Want to know how to start investing in ASX shares for beginners?
Great! I think shares are the best way to build wealth over the long-term. You can get started with as little as $500 and it's so easy to just start investing compared to buying a property.
Before you can buy your first ASX share you need to decide with which broker you're going to buy the shares with.
There are plenty of websites that can help you compare different brokers such as Canstar, Finder, the ASX website and there's plenty of others.
Quite often people just go with their bank's share brokerage option, at least to begin with, which is why I started with Commonwealth Bank of Australia's (ASX: CBA) CommSec.
After that you need to decide what your first investment is going to be. Some people advocate for a business that you use or see in everyday life – which might mean Woolworths Group Ltd (ASX: WOW), Telstra Corporation Ltd (ASX: TLS), REA Group Limited (ASX: REA) – the owner of realestate.com.au – or perhaps Costa Group Holdings Ltd (ASX: CGC), which probably grows some of the tomatoes, mushrooms, berries, avocadoes and citrus fruit you eat.
But I think an even better starting place could be to go for an exchange-traded fund (ETF), which is a fancy way of describing being able to buy a basket of shares with just one purchase on the Australian Stock Exchange via your share broker.

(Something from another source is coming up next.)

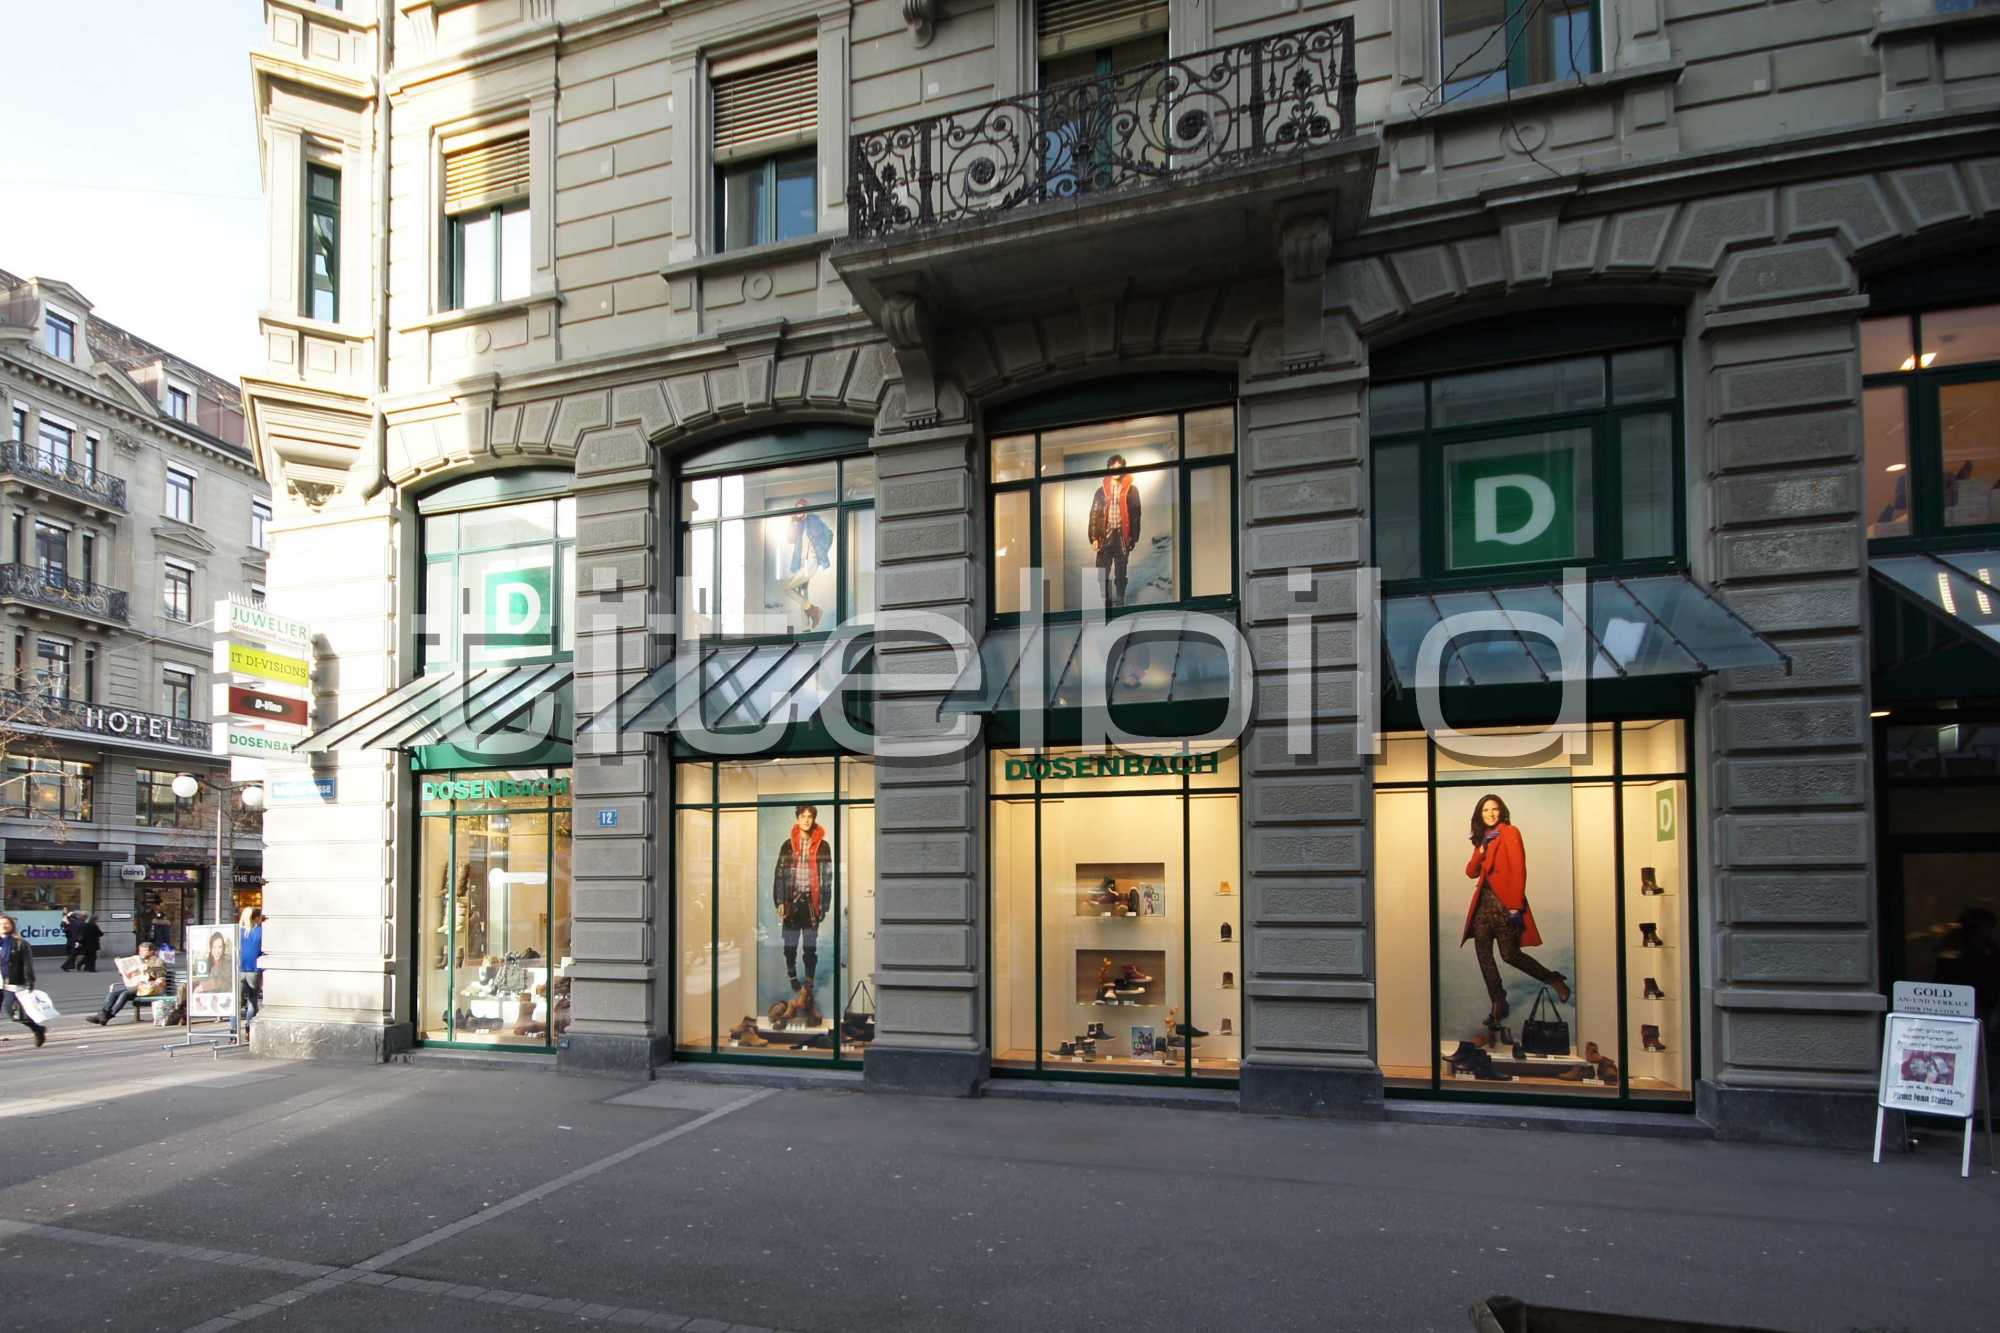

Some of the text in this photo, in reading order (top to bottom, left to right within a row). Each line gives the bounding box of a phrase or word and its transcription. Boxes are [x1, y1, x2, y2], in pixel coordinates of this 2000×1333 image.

One of the main pleasing aspects about ETFs is the instant diversification it gives you. Owning just one business like Woolworths is much riskier for your portfolio than owning dozens or hundreds through the underlying holdings of the ETF.
For example, the BetaShares Australia 200 ETF (ASX: A200) gives us access to the ASX200 – which is 200 of the largest businesses on the ASX. If you own this ETF, 7.9% of your money is in CBA shares, 6.2% is in CSL Limited (ASX: CSL) shares, 6.1% is in BHP Group Ltd (ASX: BHP) shares, 5.6% in Westpac Banking Corp (ASX: WBC) shares and so on.
Foolish takeaway
The only thing to do after you've bought shares is just be patient, ride the highs and lows. You'll be regularly paid distributions or dividends and you can re-invest that money into more shares or spend it. It's as simple as that.